Der Regierungsrat des Kantons Aargau hat an seiner Sitzung vom 3. Juni 2026 die Gesamtrevision der Nutzungsplanung der Gemeinde Gipf-Oberfrick genehmigt. Damit findet ein siebenjähriges Planungsverfahren seinen erfolgreichen Abschluss. Gipf-Oberfrick verfügt nun wieder über eine zeitgemässe Nutzungsplanung.
Gipf-Oberfrick entwickelte sich in den letzten Jahren von einem ländlich geprägten Dorf zu einer beliebten Wohngemeinde im Grossraum Basel.
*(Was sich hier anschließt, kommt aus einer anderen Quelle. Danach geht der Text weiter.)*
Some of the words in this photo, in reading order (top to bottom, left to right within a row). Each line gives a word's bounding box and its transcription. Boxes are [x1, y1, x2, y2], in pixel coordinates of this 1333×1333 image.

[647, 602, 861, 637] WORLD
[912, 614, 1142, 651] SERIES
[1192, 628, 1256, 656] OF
Die intakte Landschaft, eine gute soziale Infrastruktur und vorhandenes Bauland sorgten dafür, dass auch in den letzten Jahren rege gebaut wurde.
Die Bevölkerung rückt Landschafts- und Ortsbild in den Fokus
Die Anliegen der Bevölkerung zur zukünftigen Gemeindeentwicklung wurden 2014 in einer breiten Bevölkerungsumfrage eruiert. Dabei sprach sich eine grosse Mehrheit dafür aus, bei der anstehenden Ortsplanung dem Schutz der Grün- und Freiräume, dem Erhalt der Landwirtschaftsbetriebe und dem Schutz des Ortbilds gebührend Rechnung zu tragen. Als weitere Schwerpunkte wurden u. a. die Entwicklung nach innen und die Zentrumsplanung genannt.
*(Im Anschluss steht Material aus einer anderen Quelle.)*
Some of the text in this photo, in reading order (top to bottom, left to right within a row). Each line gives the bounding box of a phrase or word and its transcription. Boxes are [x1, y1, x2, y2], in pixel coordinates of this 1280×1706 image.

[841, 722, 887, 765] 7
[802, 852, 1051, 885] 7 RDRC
Die neue Nutzungsplanung: weniger Hürden fürs Bauen, mehr Schutz für besondere Gebiete
Auf dieser Basis erarbeitete die Metron mit zwei Arbeitsgruppen zwischen 2019 und 2022 den Entwurf der Nutzungsplanung. Dieser zeichnet sich einerseits durch die Abschaffung hemmender Vorschriften (z. B. Mehrlängenzuschlag, maximale Gebäudelänge) und andererseits durch spezifische Schutzvorschriften für heikle Gebiete (u. a. historische Dorfkerne, strukturreiche Landschaften) aus. Daneben wurden mit der vorliegenden Revision übergeordnete Vorgaben zu den Baubegriffen, Gewässerräumen und Naturgefahren umgesetzt. Die Gemeindeversammlung stimmte der Planung am 13. Juni 2025 mit grosser Mehrheit zu.